Не раззвенелось оголтелым воробьиным чириканьем.
Тишиной надавило на уши.
Последний на земле армизон заваливался спиной на Уральские горы, неуклюже сползая к подножию, маленькие глазки светлели до белизны, как цвет уходил из тела.
Оставалось на одно только: тихо перетечь в ничто, следа не оставив за собой, вознестись без возврата к братьям-армизонам, которые его заждались.
Затихла в ожидании Вострогор – всем птицам птица. Китоврас-человекоконь голову понурил. Потирал потные ладони батюшка-собака Калин-царь, которому давно не терпелось. Великан Великанович Самотрясов глядел через расстояния на истончающегося друга и исходил великаньей тоской, которой хватило бы на всех пыжиков-карлов Среднерусской возвышенности.
Каждый в тоске – великан.
Каждый без чувств – пыжик.
– Погоди, – попросил Самотрясов. – Поживи еще. Саню приведу – поглядишь.
Он давно присмотрел для Сани гору-приступочку поменьше, чтобы сидеть рядом, болтать ногами над Валдайской низменностью, разговаривать через расстояния с последним на земле армизоном. А тот выговорить не мог – сил не было, опадал-опадал-пропадал в обширных складках одежды, утекал-вытекал, как в сон: кто бы одеяло подоткнул под бочок и огладил напоследок.
Хотелось расспросить его на прощание, выведать тайну с пророчеством: армизоны – они могут, но уходил последний из них, безостановочно – не удержать, и будущее надвигалось холодным, незащищенным, без прикрытия-жалости.
Кто теперь пожалеет?
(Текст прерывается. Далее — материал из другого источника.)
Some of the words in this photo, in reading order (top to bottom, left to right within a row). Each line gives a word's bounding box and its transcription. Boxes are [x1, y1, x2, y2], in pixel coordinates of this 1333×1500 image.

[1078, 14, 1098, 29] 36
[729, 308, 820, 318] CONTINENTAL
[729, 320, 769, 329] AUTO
Кто за нас постесняется?
А он глядел на Великана Великановича Самотрясова в невозможной тоске, будто знал про него великую тайну, и Ланя Нетесаный пошагал домой, карликом посреди пространств, голову пряча от удара.
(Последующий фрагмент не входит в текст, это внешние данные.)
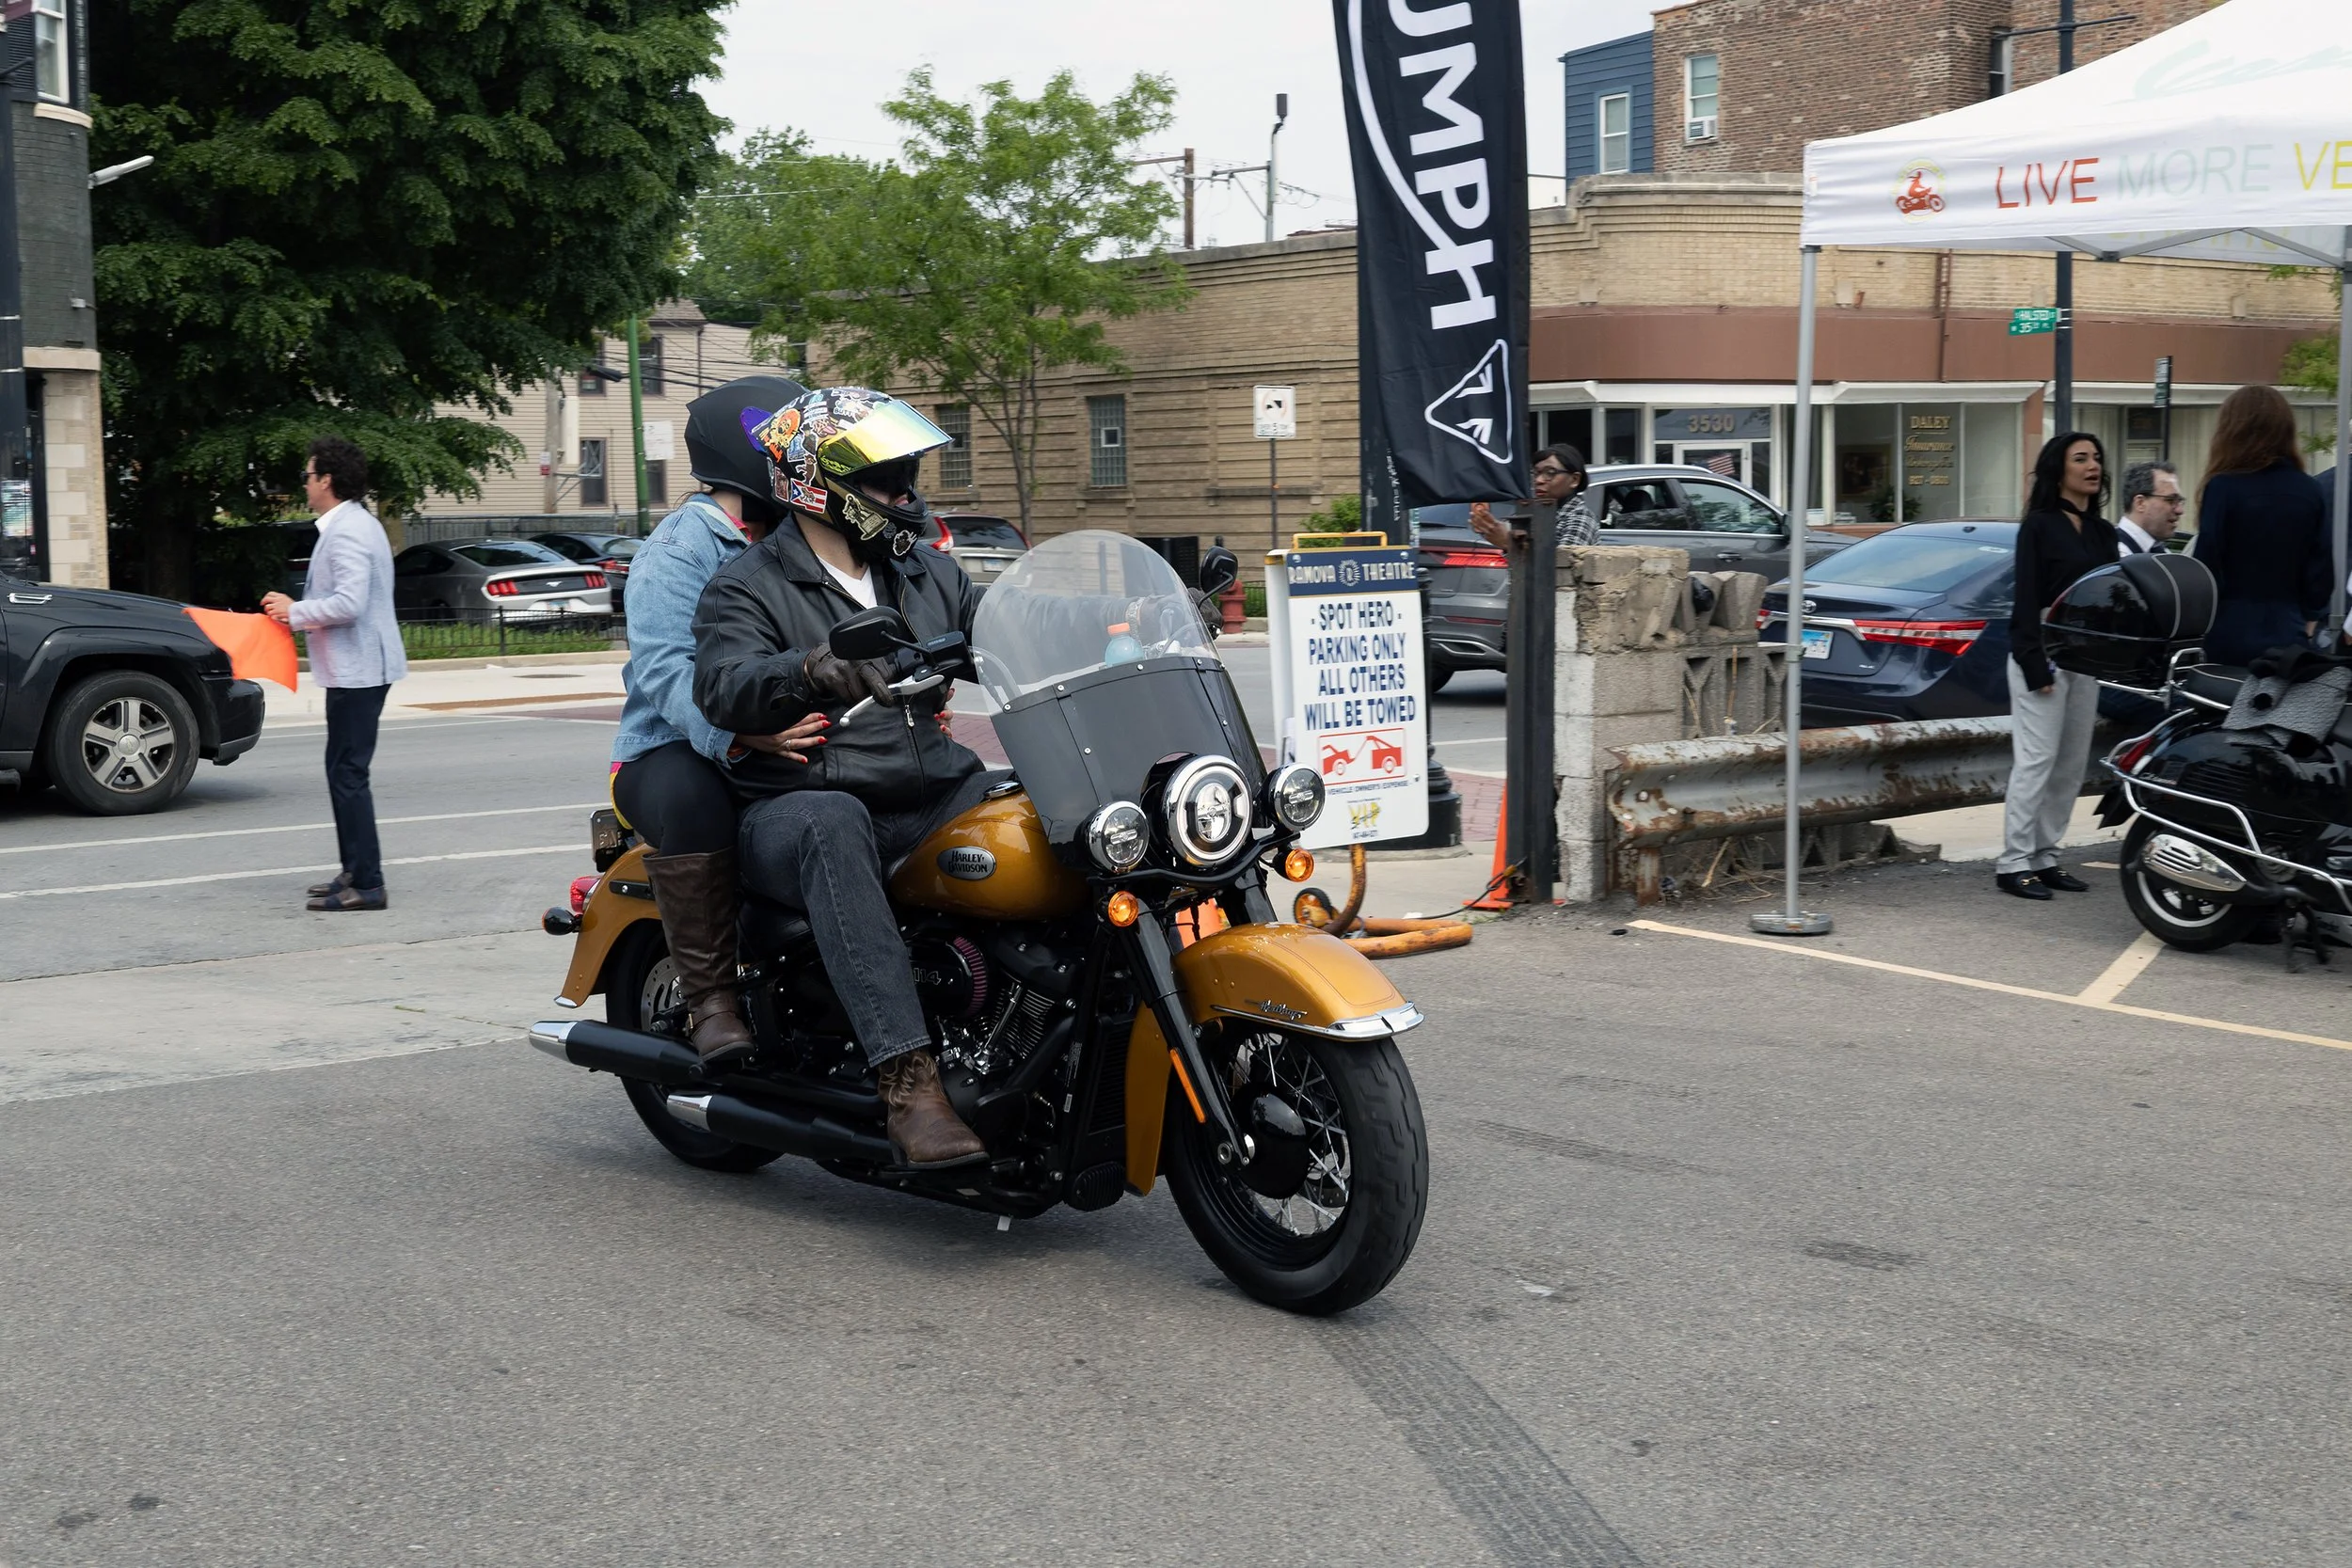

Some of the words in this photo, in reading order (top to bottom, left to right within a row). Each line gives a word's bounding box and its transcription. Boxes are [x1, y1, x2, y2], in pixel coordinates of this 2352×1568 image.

[1994, 157, 2100, 209] LIVE
[2117, 143, 2275, 200] MORE
[1688, 414, 1735, 434] 3530
[1910, 416, 1951, 430] DALEY
[1361, 562, 1417, 581] THEATRE
[1319, 603, 1353, 631] SPOT
[1358, 600, 1394, 628] HERO
[1309, 634, 1369, 665] PARKING
[1373, 632, 1406, 660] ONLY
[1318, 669, 1344, 696] ALL
[1350, 663, 1406, 693] OTHERS
[1304, 702, 1340, 731] WILL
[1344, 700, 1362, 727] BE
[1367, 695, 1416, 724] TOWED
[1382, 780, 1408, 790] EXPENSE
[948, 861, 988, 874] DAVIDSON
– Нет... – повторял. – Не мне...
Словно уговаривал кого-то.
Но шебуршнулась в ветвях Вострогор – всем птицам птица, как догадалась вдруг и ужаснулась заранее...
15
В один из дней, не ждали – не думали, сунулся из-за дерева чужак – навылупку от страха, пошел, приседая, к обжитому месту, штанами покорно затряс.
Тюха-дезертир: от всякого ему смерть.
– Обязательно, – говорил на ходу, улыбаясь от ужаса. – Непременно. Нет, это конечно верно. Ну извини...
Только бы не погнали.
Фенька-угроба подскочила первой: цоп за руку и в "Опель", за задернутые занавески.
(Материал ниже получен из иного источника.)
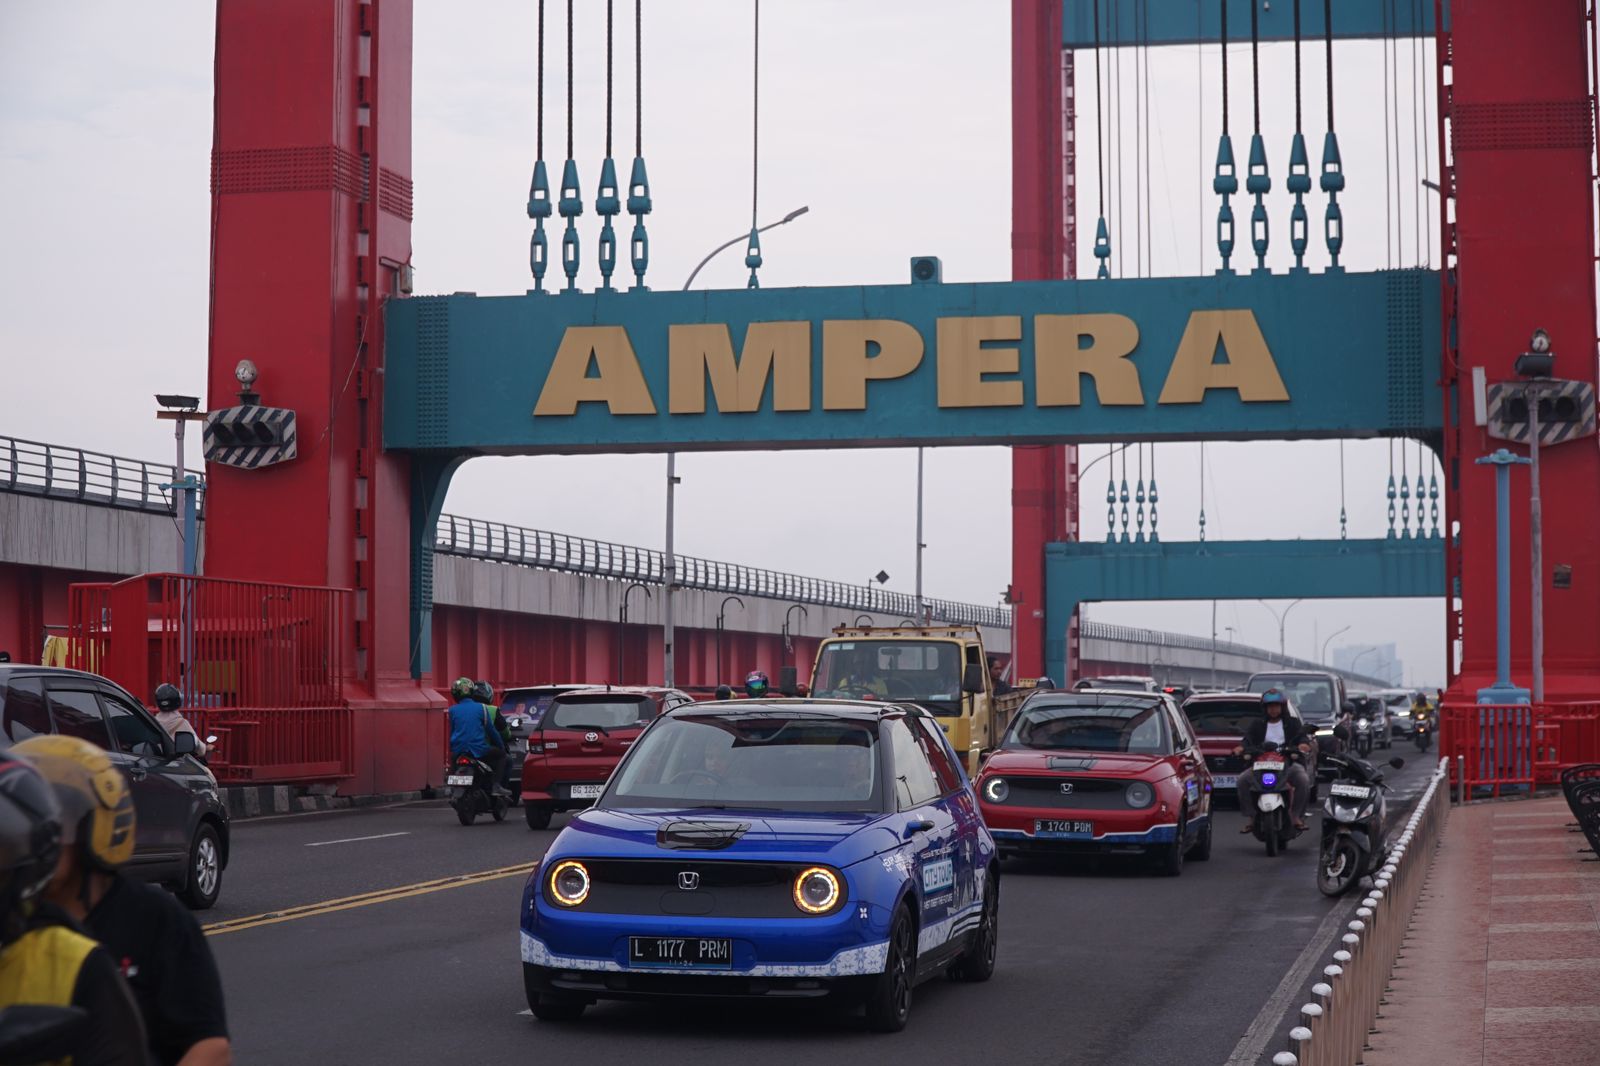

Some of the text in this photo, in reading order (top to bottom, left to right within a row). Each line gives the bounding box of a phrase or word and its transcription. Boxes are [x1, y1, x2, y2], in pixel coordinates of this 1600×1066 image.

[533, 308, 1291, 416] AMPERA
[1035, 820, 1042, 831] B
[634, 938, 728, 959] L 1177 PRM
На подушки завалила цвета беж.
Бился "Опель" на рессорах, как в долгой падучей, три дня и три ночи, кряхтел, скрипел, рассаживался, пока не проломила Фенька переднее стекло и в лес не ускакала, косматая и свирепая.
А Тюха остался на подушках, истерзанный и клочковатый.
Говорили потом, что оморочил их дух Гришки-лейтенанта, затворил от зависти то самое место, чтоб Тюхе не найти, хоть и старался без отдыха три дня и три ночи.